REQUIRED ACTION>
Exclude the images and transcribe the entries below precisely.

(Spatial localization data)

:::

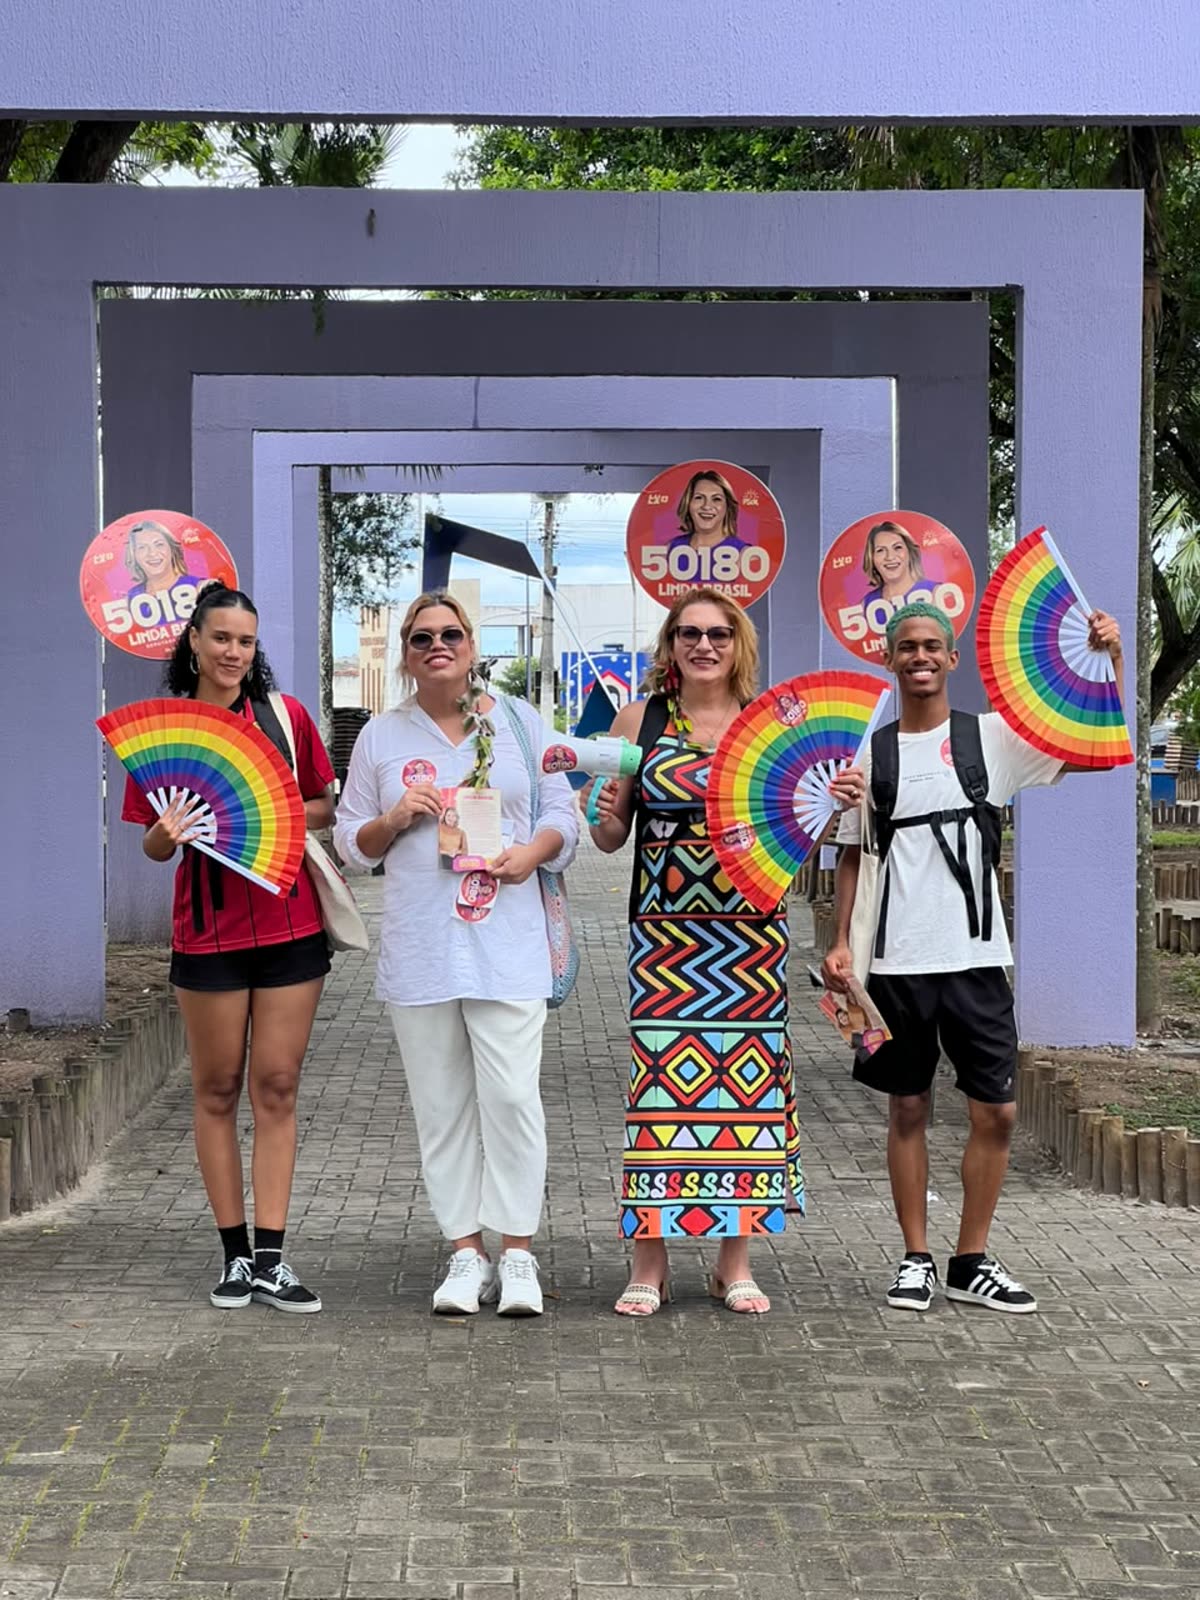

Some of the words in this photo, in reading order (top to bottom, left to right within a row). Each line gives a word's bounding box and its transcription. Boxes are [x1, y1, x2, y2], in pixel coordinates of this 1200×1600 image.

[640, 545, 770, 582] 50180
[101, 582, 200, 634] 5018
[128, 626, 170, 647] LINDA
[862, 636, 888, 654] LIN
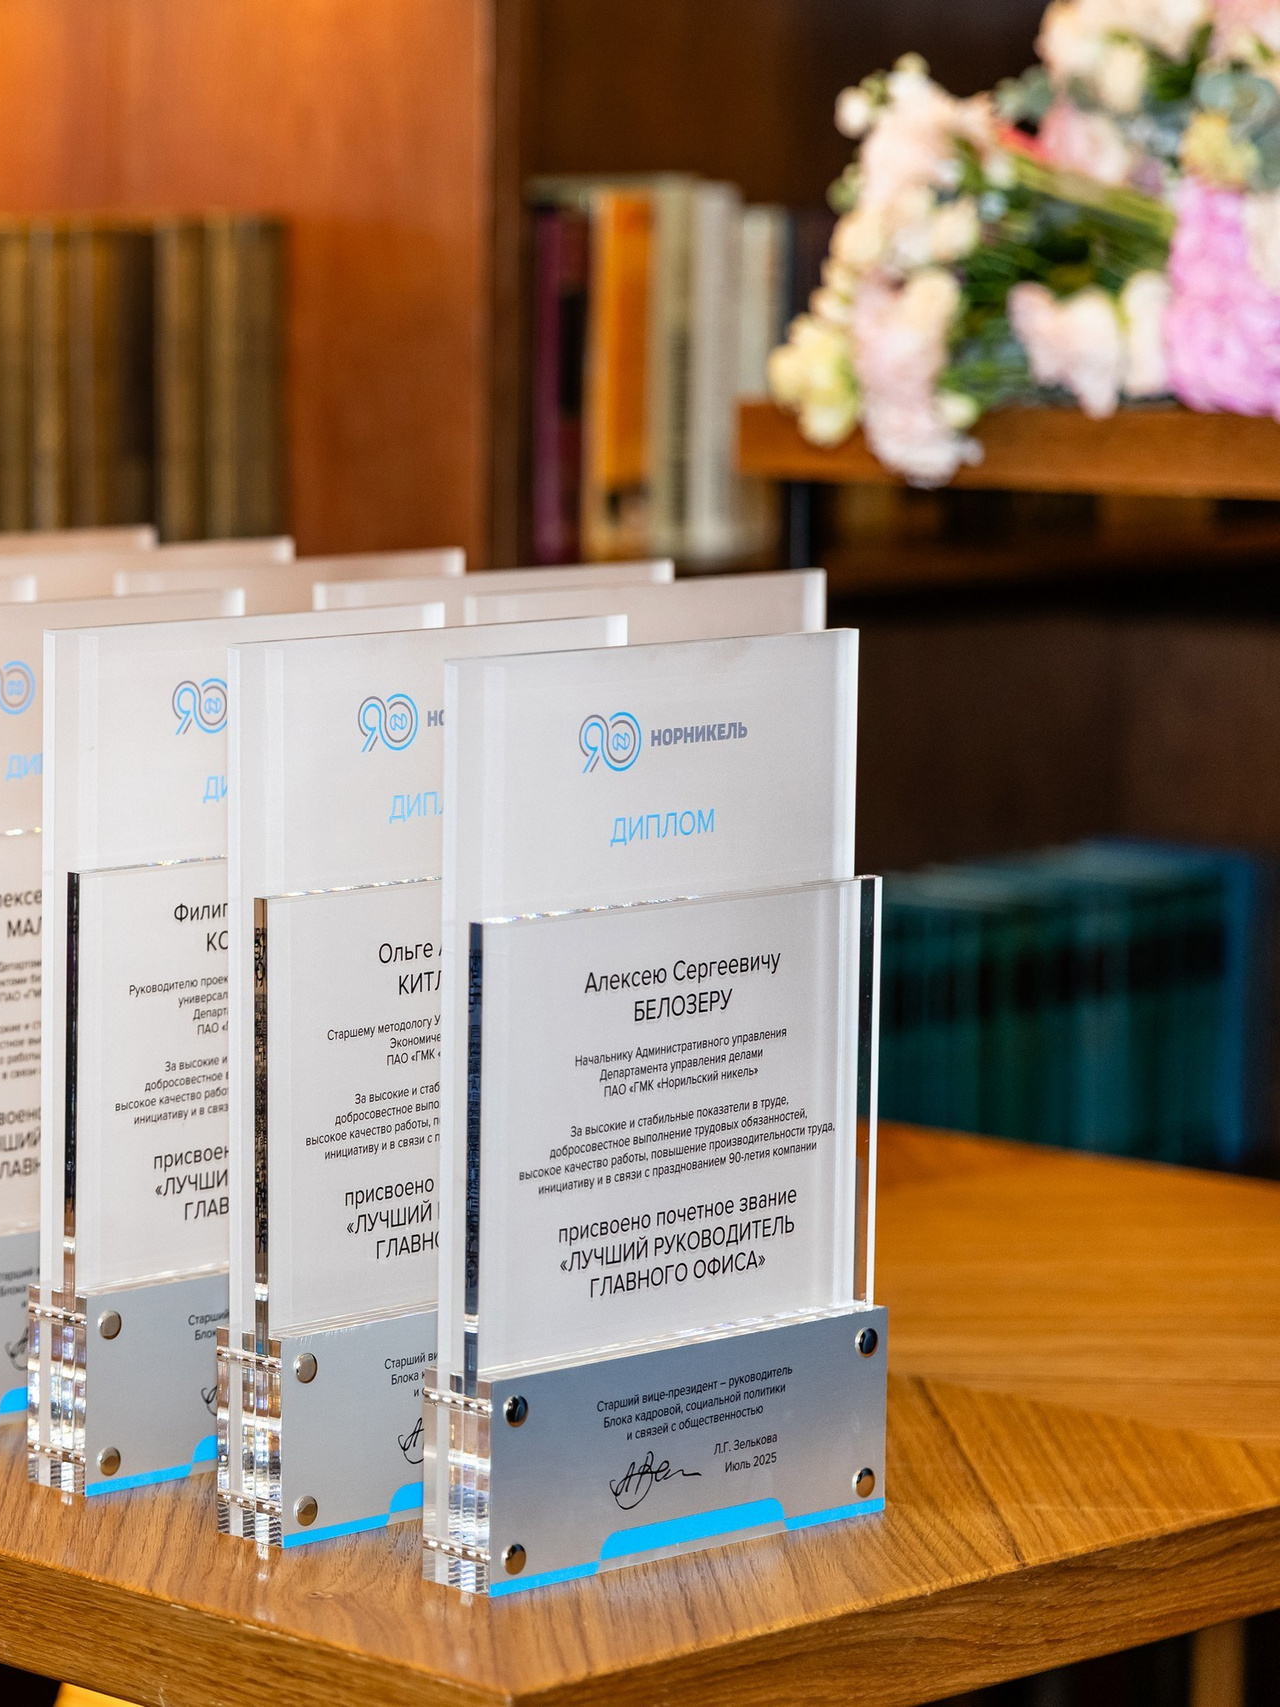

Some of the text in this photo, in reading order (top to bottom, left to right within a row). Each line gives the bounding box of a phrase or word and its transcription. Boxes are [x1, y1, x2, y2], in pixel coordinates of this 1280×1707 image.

[650, 721, 748, 747] НОРНИКЕЛЬ
[389, 791, 443, 824] ДИП
[609, 808, 715, 847] ДИПЛОМ
[379, 943, 433, 963] Ольге
[585, 954, 780, 992] Алексею Сергеевичу
[129, 979, 198, 996] Руководителю
[179, 991, 228, 1007] универсал
[635, 989, 732, 1021] БЕЛОЗЕРУ
[197, 1022, 219, 1034] ПАО
[327, 1019, 432, 1041] Старшему методологу
[387, 1049, 435, 1065] ПАО «ГМК
[575, 1029, 786, 1066] Начальнику Административного управления
[165, 1062, 176, 1071] За
[179, 1057, 219, 1069] высокие
[600, 1050, 763, 1081] Департамента управления делами
[145, 1073, 223, 1092] добросовестное
[604, 1068, 758, 1096] ПАО «ГМК «Норильский никель»
[115, 1099, 156, 1111] высокое
[159, 1092, 202, 1105] качество
[355, 1094, 366, 1104] За
[369, 1089, 409, 1102] высокие
[134, 1110, 188, 1124] инициативу
[335, 1105, 412, 1125] добросовестное
[571, 1096, 788, 1137] За высокие и стабильные показатели в труде,
[306, 1119, 430, 1145] высокое качество работы,
[550, 1108, 807, 1159] добросовестное выполнение трудовых обязанностей,
[325, 1144, 379, 1159] инициативу
[398, 1137, 424, 1148] связи
[427, 1135, 432, 1143] с
[519, 1123, 835, 1180] высокое качество работы, повышение производительности труда,
[539, 1179, 594, 1193] инициативу
[606, 1175, 611, 1184] в
[614, 1171, 642, 1181] связи
[645, 1169, 649, 1177] с
[653, 1157, 726, 1178] празднованием
[729, 1150, 770, 1163] 90-летия
[773, 1142, 816, 1156] компании
[156, 1169, 228, 1196] «ЛУЧШИ
[346, 1179, 434, 1209] присвоено
[185, 1197, 229, 1219] ГЛАВ
[347, 1200, 431, 1233] «ЛУЧШИЙ
[559, 1190, 796, 1245] присвоено почетное звание
[561, 1216, 794, 1271] «ЛУЧШИЙ РУКОВОДИТЕЛЬ
[591, 1251, 765, 1297] ГЛАВНОГО ОФИСА»
[385, 1353, 425, 1369] Старший
[392, 1373, 419, 1385] Блока
[597, 1395, 639, 1412] Старший
[642, 1381, 717, 1403] вице-президент
[729, 1367, 792, 1388] руководитель
[604, 1385, 785, 1427] Блока кадровой, социальной политики
[635, 1423, 668, 1438] связей
[671, 1423, 676, 1431] с
[679, 1406, 763, 1429] общественностью
[714, 1434, 777, 1454] Л.Г. Зелькова
[725, 1452, 776, 1472] Июль 2025

:::

ANSWER AREA>
Some of the words in this photo, in reading order (top to bottom, left to right within a row). Each line gives a word's bounding box and its transcription. Boxes are [x1, y1, x2, y2], in pixel coordinates of this 1200×1600 image.

[640, 545, 770, 582] 50180
[101, 582, 200, 634] 5018
[128, 626, 170, 647] LINDA
[862, 636, 888, 654] LIN

Some of the text in this photo, in reading order (top to bottom, left to right within a row). Each line gives the bounding box of a phrase or word and its transcription. Boxes are [x1, y1, x2, y2], in pixel coordinates of this 1280×1707 image.

[650, 721, 748, 747] НОРНИКЕЛЬ
[389, 791, 443, 824] ДИП
[609, 808, 715, 847] ДИПЛОМ
[379, 943, 433, 963] Ольге
[585, 954, 780, 992] Алексею Сергеевичу
[129, 979, 198, 996] Руководителю
[179, 991, 228, 1007] универсал
[635, 989, 732, 1021] БЕЛОЗЕРУ
[197, 1022, 219, 1034] ПАО
[327, 1019, 432, 1041] Старшему методологу
[387, 1049, 435, 1065] ПАО «ГМК
[575, 1029, 786, 1066] Начальнику Административного управления
[165, 1062, 176, 1071] За
[179, 1057, 219, 1069] высокие
[600, 1050, 763, 1081] Департамента управления делами
[145, 1073, 223, 1092] добросовестное
[604, 1068, 758, 1096] ПАО «ГМК «Норильский никель»
[115, 1099, 156, 1111] высокое
[159, 1092, 202, 1105] качество
[355, 1094, 366, 1104] За
[369, 1089, 409, 1102] высокие
[134, 1110, 188, 1124] инициативу
[335, 1105, 412, 1125] добросовестное
[571, 1096, 788, 1137] За высокие и стабильные показатели в труде,
[306, 1119, 430, 1145] высокое качество работы,
[550, 1108, 807, 1159] добросовестное выполнение трудовых обязанностей,
[325, 1144, 379, 1159] инициативу
[398, 1137, 424, 1148] связи
[427, 1135, 432, 1143] с
[519, 1123, 835, 1180] высокое качество работы, повышение производительности труда,
[539, 1179, 594, 1193] инициативу
[606, 1175, 611, 1184] в
[614, 1171, 642, 1181] связи
[645, 1169, 649, 1177] с
[653, 1157, 726, 1178] празднованием
[729, 1150, 770, 1163] 90-летия
[773, 1142, 816, 1156] компании
[156, 1169, 228, 1196] «ЛУЧШИ
[346, 1179, 434, 1209] присвоено
[185, 1197, 229, 1219] ГЛАВ
[347, 1200, 431, 1233] «ЛУЧШИЙ
[559, 1190, 796, 1245] присвоено почетное звание
[561, 1216, 794, 1271] «ЛУЧШИЙ РУКОВОДИТЕЛЬ
[591, 1251, 765, 1297] ГЛАВНОГО ОФИСА»
[385, 1353, 425, 1369] Старший
[392, 1373, 419, 1385] Блока
[597, 1395, 639, 1412] Старший
[642, 1381, 717, 1403] вице-президент
[729, 1367, 792, 1388] руководитель
[604, 1385, 785, 1427] Блока кадровой, социальной политики
[635, 1423, 668, 1438] связей
[671, 1423, 676, 1431] с
[679, 1406, 763, 1429] общественностью
[714, 1434, 777, 1454] Л.Г. Зелькова
[725, 1452, 776, 1472] Июль 2025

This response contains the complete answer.